Some cases start with a criminal case and due to the severity of such a case cross over into civil courts. Some high profile murder cases are examples of this, with the victim’s estate suing the accused perpetrator for financial gain. Cases of sexual harassment in the workplace often cross both criminal and civil cases as the accused perpetrator faces criminal charges and the victim(s) sue both the accused perpetrator and the organization for damages in civil court under a variety of civil codes. White collar crime often results in both criminal charges and civil suits to compensate the victims. The U.S. judicial system, allows for both criminal and civil remedies in cases, as warranted. High profile cases provide us examples of how cases span the criminal and civil justice systems, including: O.J Simpson, Bernie Madoff, Timothy McVeigh, Enron’s Kenneth Lay and Jeffrey Skilling, Robert Blake, Casey Anthony, and George Zimmerman. It is important to note, that some of these cases resulted in a not-guilty criminal finding, yet the defendant lost in civil court, emphasizing the different standards that apply in these cases. For this assignment, select one of these high profile case that has crossed both the civil and criminal courts [You may select another high profile case, with the pre-approval of your instructor]. Using this case, you will assess the case from the courtroom through treatment, examining both the criminal and civil side of a case. The goal of this assignment is to provide you with an opportunity to examine the differences in treatment and evaluation when there are legal questions in mind, compared to standard clinical practice.

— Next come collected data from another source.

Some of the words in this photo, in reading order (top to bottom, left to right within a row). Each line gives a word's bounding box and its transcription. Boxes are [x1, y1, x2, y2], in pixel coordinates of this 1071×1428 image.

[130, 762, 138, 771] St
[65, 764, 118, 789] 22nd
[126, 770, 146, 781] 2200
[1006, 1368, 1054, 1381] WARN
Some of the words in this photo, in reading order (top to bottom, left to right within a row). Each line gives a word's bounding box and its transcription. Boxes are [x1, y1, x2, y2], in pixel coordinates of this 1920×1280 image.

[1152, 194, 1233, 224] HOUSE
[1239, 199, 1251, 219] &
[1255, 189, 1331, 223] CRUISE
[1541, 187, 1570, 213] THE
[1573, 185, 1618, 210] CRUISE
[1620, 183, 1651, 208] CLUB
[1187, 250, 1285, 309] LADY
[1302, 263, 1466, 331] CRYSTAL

Part One: Describe the Case
What is the case selected?
Criminal Case:
What are the key questions related to the criminal case?
What questions in the criminal case were or should have been addressed by a forensic psychologists?
Civil Case:
What are the key questions related to the civil case?

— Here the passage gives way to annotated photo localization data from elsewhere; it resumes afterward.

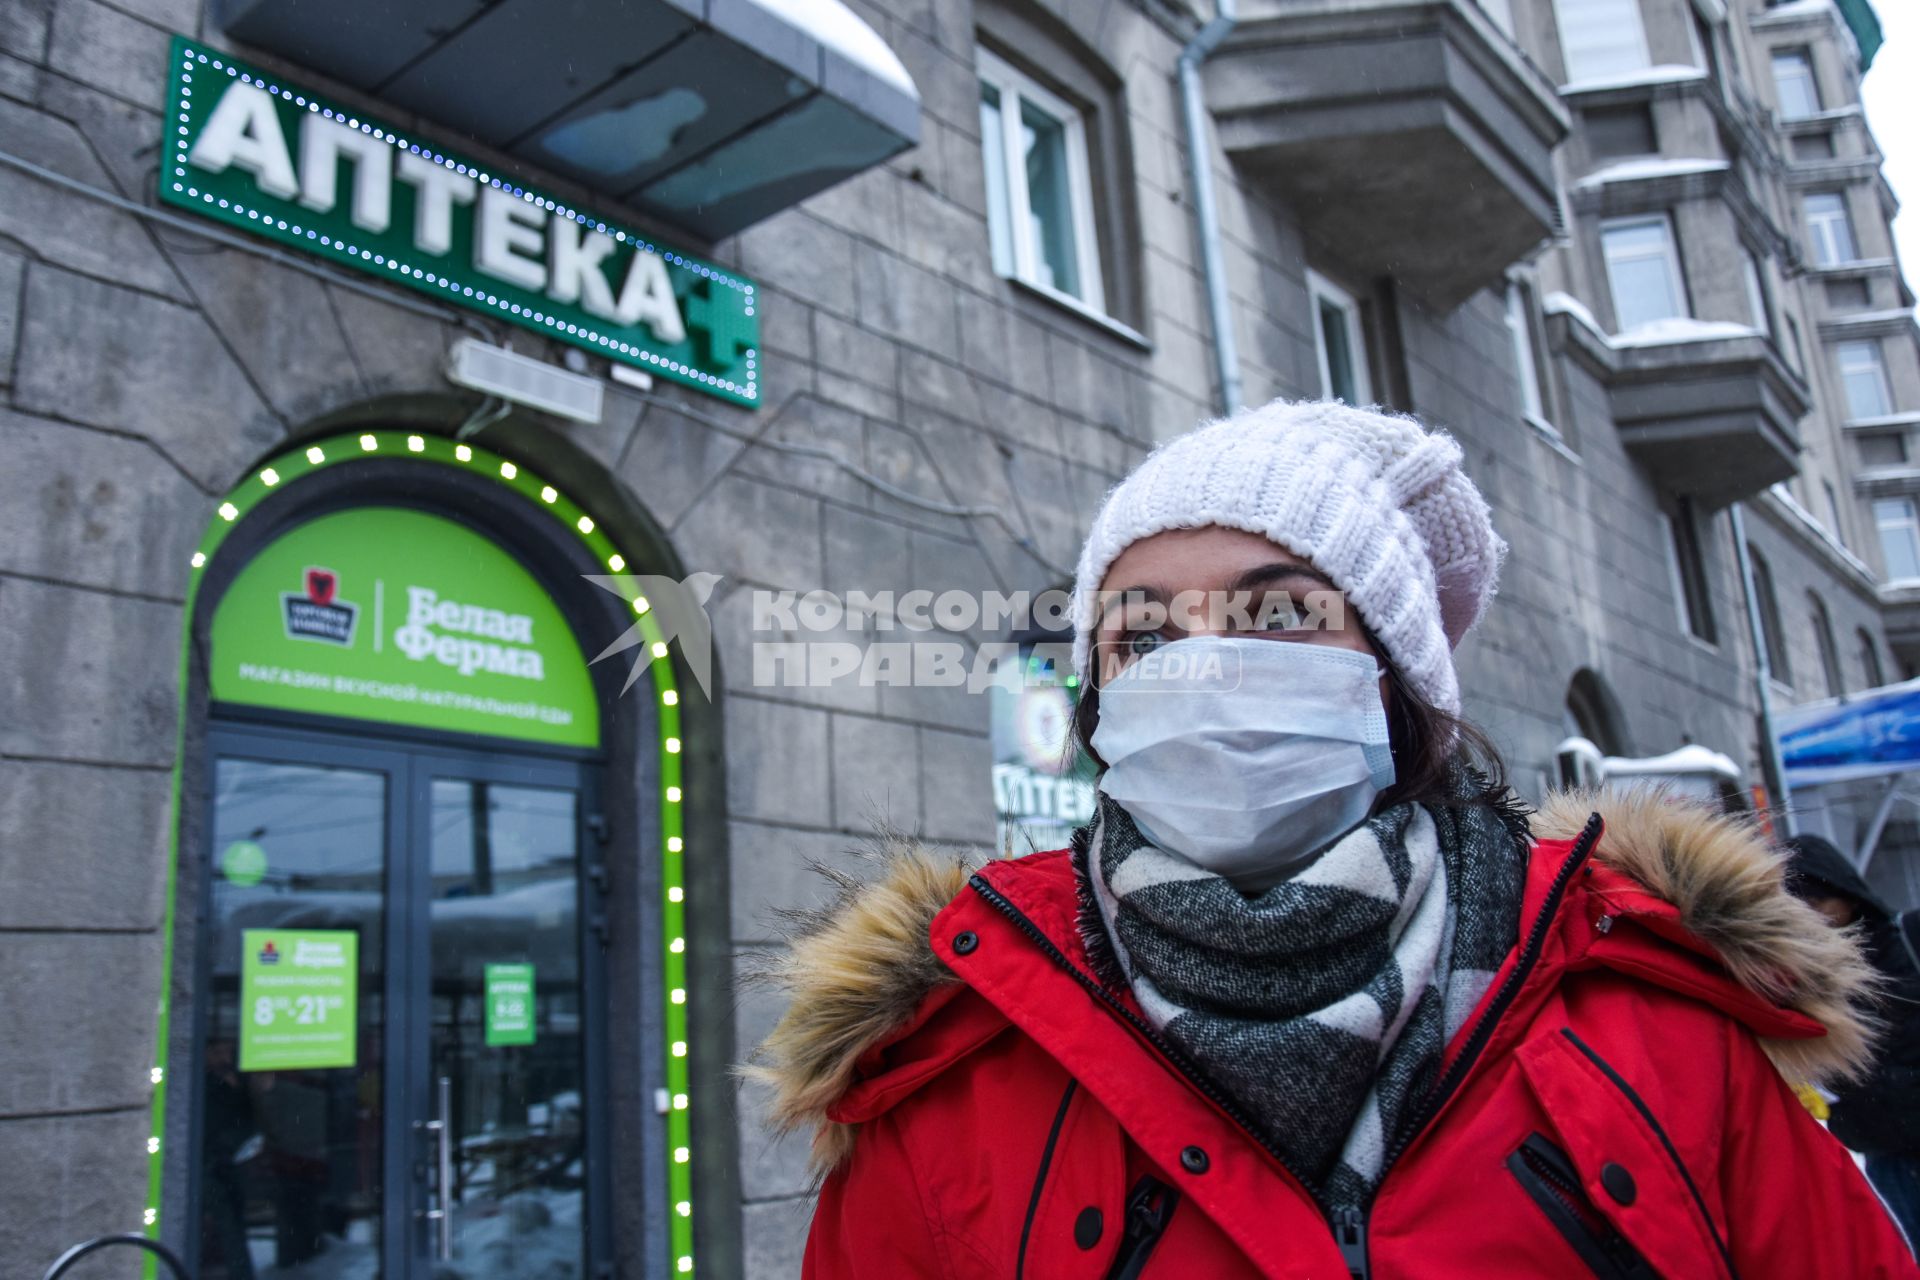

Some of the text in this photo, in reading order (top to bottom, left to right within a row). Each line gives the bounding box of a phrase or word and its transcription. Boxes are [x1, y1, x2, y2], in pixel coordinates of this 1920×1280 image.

[190, 80, 687, 344] АПТЕКА
[406, 585, 534, 645] Белая
[394, 625, 545, 681] Ферма
[239, 662, 332, 692] МАГАЗИН
[333, 674, 418, 704] ВКУСНОЙ

What questions in the civil case were or should have been addressed by a forensic psychologists?
How did the questions in the criminal and civil case differ?
Part Two: Analyze the Case
Criminal Case
Assume for the sake of argument that the defendant is challenging competency to stand trial, analyze how you would assess the defendants mental state and what expert testimony you would provide to courts on competency.

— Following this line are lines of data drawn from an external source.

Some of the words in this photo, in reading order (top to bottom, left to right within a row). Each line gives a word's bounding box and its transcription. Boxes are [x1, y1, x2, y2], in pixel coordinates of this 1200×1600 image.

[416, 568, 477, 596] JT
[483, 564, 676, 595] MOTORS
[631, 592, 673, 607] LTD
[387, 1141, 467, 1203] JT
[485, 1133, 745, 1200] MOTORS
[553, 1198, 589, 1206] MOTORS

Assume for the sake of argument that the defendant is entering a plea of not guilty by reason of insanity, analyze how you would assess the defendant and the what expert testimony you would provide to courts on the question of insanity.
What assessment could be used to assess mental status from a treatment perspective and how does this differ from the approaches for competency and insanity plea?
What treatment recommendations would you make for the defendant, following assessment for treatment (not assessment for competency of insanity plea)?
What victim assessment and treatment would you recommend in this case?
Civil Case
Assume for the sake of argument that the defendant is claiming diminished mental capacity, which could influence the trial moving forward. How would you assess the defendants mental state and what expert witness would you provide to the courts?
What assessment could be used to assess mental status from a treatment perspective and how does this differ from the approaches for mental capacity related to the trial?
What treatment recommendations would you make for the defendant, following assessment for treatment (not assessment for competency of insanity plea)?
What victim assessment and treatment would you recommend in this case?
What are the similarities and differences as we approach the same case from a criminal and civil perspective?
How is the approach of the forensic psychologists in assessment similar and different?
What are the similarities and differences in treatment approaches?
What are the similarities and differences in expert testimony?
Part Three: Recommendations
While documentation should always be at the forefront of a practitioner’s mind, when legal cases are involved, the need for clear, concise documentation that specifically assesses and addresses the core legal questions is imperative. The legal questions for criminal and civil cases are different, even when involving the same defendant and the same event or incident.
What does the literature say about how the role of forensic psychologists in criminal and civil cases compare and contrast?
What does the literature say about the different theories that apply in this case as we move from a criminal to civil case?
How can forensic psychology professionals prepare to work with clients in criminal and civil cases, providing assessment, treatment, and/or expert testimony.
What knowledge, skills, and education will the forensic psychology professionals need to address the case?